Be one of ours.” As roupas molhadas e as gotas de chuva que lhes ornavam os
cabelos davam-lhes um ar esmaecido, como personagens saídos de um quadro de Bruegel.
Iam sorridentes,
de grupo em grupo. Odônio com um cajado rústico de madeira à mão direita e a
mão esquerda sobre o ombro de Ozorino. Levavam bornais cruzados sobre os
ombros, onde carregavam os mantimentos.
- Vocês não têm
medo de morrer de resfriado, não, velhos?
- Que nada, para
nós não tem tempo ruim.
- Dê uma esmola
pro cego!
O outro percorria
os bolsos, à cata da moeda de menor valor. Odônio a recolhia com mão úmida.
Depois do
périplo, era possível encontrá-los bem instalados em algum balcão de boteco,
onde eram objeto de piadas sobre guias e cegos. Parece até que eles mesmos as
estimulavam, pediam duas pingas e uma porção de torresmo. No final, ganhavam a
conta.
Quando chegavam
em casa, no outro lado da cidade, tentavam contar a féria do dia. Odônio sabia adivinhar o valor
das notas pelo tato, nisso ele era melhor do que Ozorino. As notas de um
cruzeiro eram de um verde frio, as de cinco, um laranja quente, e eram maiores.

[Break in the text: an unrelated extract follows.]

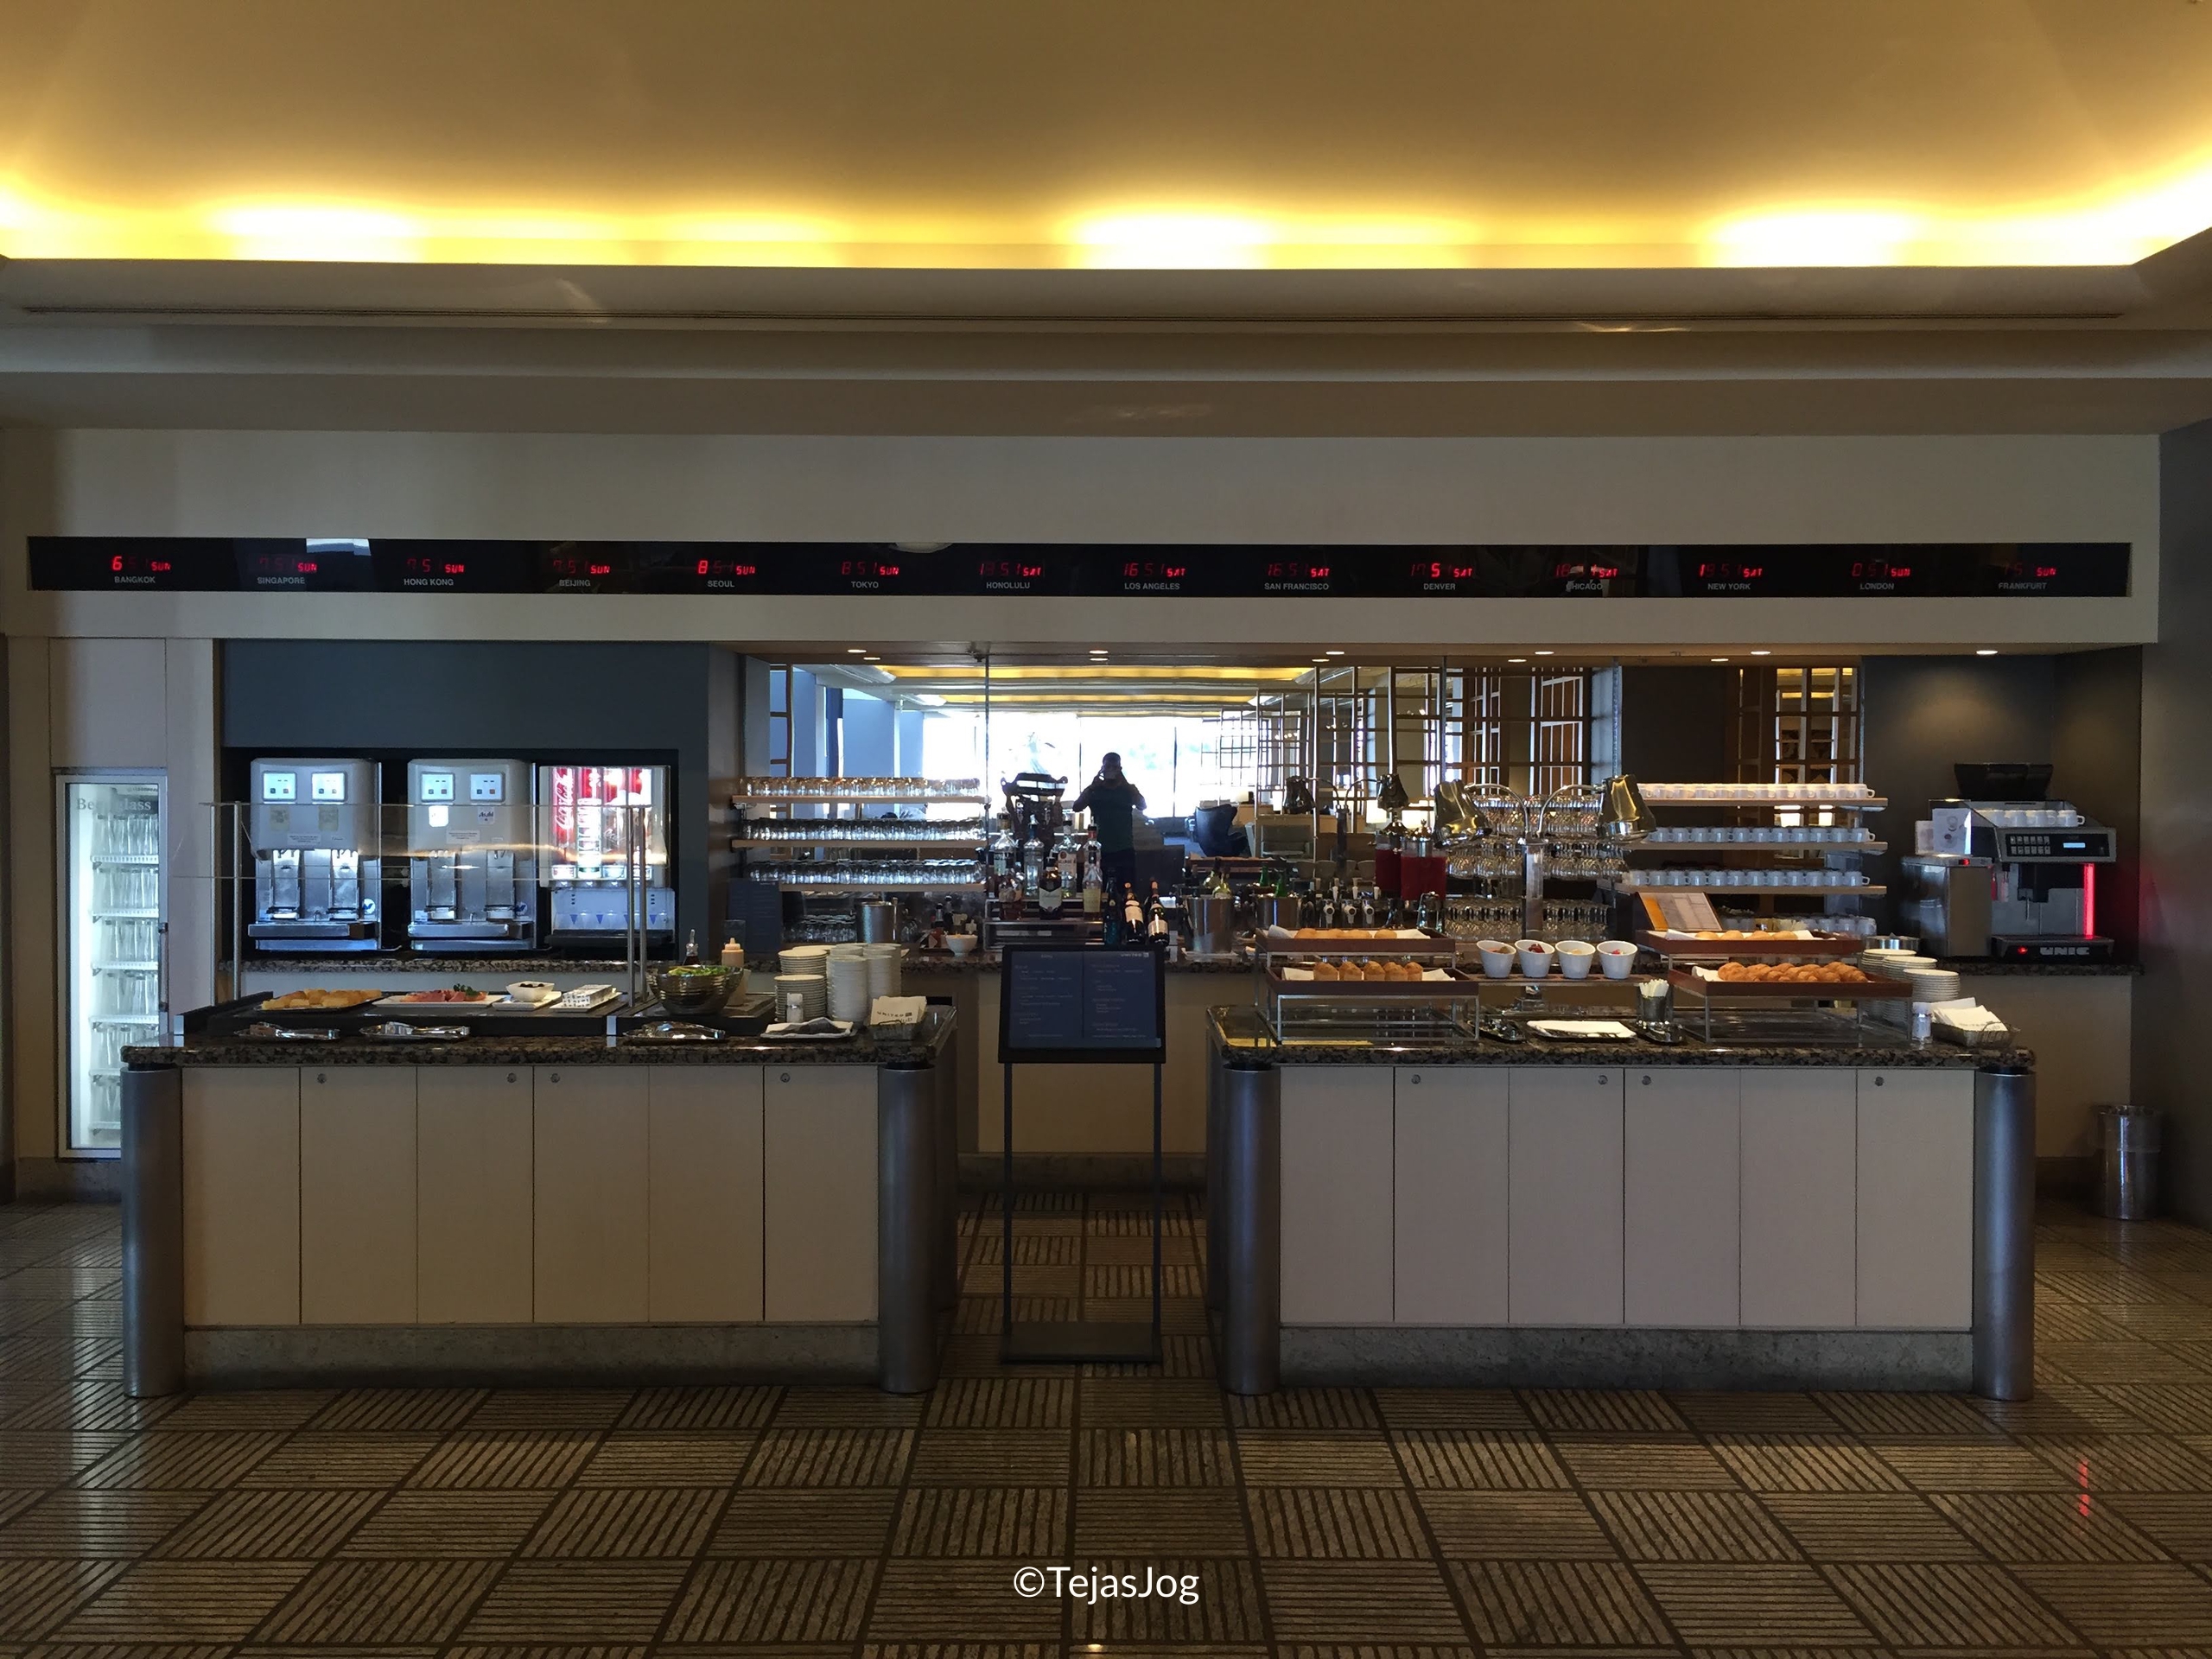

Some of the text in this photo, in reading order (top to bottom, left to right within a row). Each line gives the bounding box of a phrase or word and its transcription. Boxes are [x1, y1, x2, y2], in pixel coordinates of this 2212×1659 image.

As moedas eram facilmente reconhecíveis e ele podia contá-las com maior rapidez
que um vidente.
- Sete cruzeiros
e oitenta, dizia Ozorino, que sempre se atrapalhava quanto a conta passava de
cinco. Mas com essa chuva – prosseguia -, até o dinheiro desaparece. Ouvi na
televisão que um caminhão com dinheiro foi levado pela enxurrada no Rio de
Janeiro.
- Não, doze
cruzeiros, respondia Odônio, mostrando a seu companheiro a diferença entre as
cédulas. Não vou mais voltar à praça.
- Também não vou,
completava Ozorino.
Depois, explodiam
em grossas gargalhadas. Ligavam a televisão preto e branco metida no fundo do
quarto-cozinha e seus olhos brilhavam na escuridão.
Ω
Abrão Brito Lacerda
27/02/18
Abrão, você aprendeu a manipular os temperos das palavras, como Saramago fazia tão bem.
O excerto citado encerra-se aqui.